Materials provided section start

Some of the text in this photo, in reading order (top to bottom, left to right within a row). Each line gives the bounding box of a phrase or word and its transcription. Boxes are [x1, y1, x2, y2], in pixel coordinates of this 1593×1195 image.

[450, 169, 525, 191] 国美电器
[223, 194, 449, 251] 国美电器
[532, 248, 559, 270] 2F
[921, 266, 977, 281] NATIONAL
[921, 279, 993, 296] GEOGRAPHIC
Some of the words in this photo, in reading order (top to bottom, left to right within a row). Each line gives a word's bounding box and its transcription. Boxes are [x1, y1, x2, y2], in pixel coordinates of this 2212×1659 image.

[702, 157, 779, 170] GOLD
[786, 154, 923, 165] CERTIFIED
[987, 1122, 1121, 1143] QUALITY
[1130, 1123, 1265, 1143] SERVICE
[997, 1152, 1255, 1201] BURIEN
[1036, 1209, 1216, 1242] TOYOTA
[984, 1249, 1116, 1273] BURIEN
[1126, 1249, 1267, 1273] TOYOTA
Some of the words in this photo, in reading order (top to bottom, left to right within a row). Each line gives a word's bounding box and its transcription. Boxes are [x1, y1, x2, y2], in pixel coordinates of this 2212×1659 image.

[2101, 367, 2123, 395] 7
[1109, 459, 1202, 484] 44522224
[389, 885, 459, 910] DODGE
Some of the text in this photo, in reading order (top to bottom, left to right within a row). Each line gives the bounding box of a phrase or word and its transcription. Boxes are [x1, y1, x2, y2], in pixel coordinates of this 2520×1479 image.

Materials provided section end

[Work instructions]: The answer must restate each entry word for word.

[Exercise result]:
Some of the text in this photo, in reading order (top to bottom, left to right within a row). Each line gives the bounding box of a phrase or word and its transcription. Boxes are [x1, y1, x2, y2], in pixel coordinates of this 1593×1195 image.

[450, 169, 525, 191] 国美电器
[223, 194, 449, 251] 国美电器
[532, 248, 559, 270] 2F
[921, 266, 977, 281] NATIONAL
[921, 279, 993, 296] GEOGRAPHIC
Some of the words in this photo, in reading order (top to bottom, left to right within a row). Each line gives a word's bounding box and its transcription. Boxes are [x1, y1, x2, y2], in pixel coordinates of this 2212×1659 image.

[702, 157, 779, 170] GOLD
[786, 154, 923, 165] CERTIFIED
[987, 1122, 1121, 1143] QUALITY
[1130, 1123, 1265, 1143] SERVICE
[997, 1152, 1255, 1201] BURIEN
[1036, 1209, 1216, 1242] TOYOTA
[984, 1249, 1116, 1273] BURIEN
[1126, 1249, 1267, 1273] TOYOTA
Some of the words in this photo, in reading order (top to bottom, left to right within a row). Each line gives a word's bounding box and its transcription. Boxes are [x1, y1, x2, y2], in pixel coordinates of this 2212×1659 image.

[2101, 367, 2123, 395] 7
[1109, 459, 1202, 484] 44522224
[389, 885, 459, 910] DODGE
Some of the text in this photo, in reading order (top to bottom, left to right within a row). Each line gives the bounding box of a phrase or word and its transcription. Boxes are [x1, y1, x2, y2], in pixel coordinates of this 2520×1479 image.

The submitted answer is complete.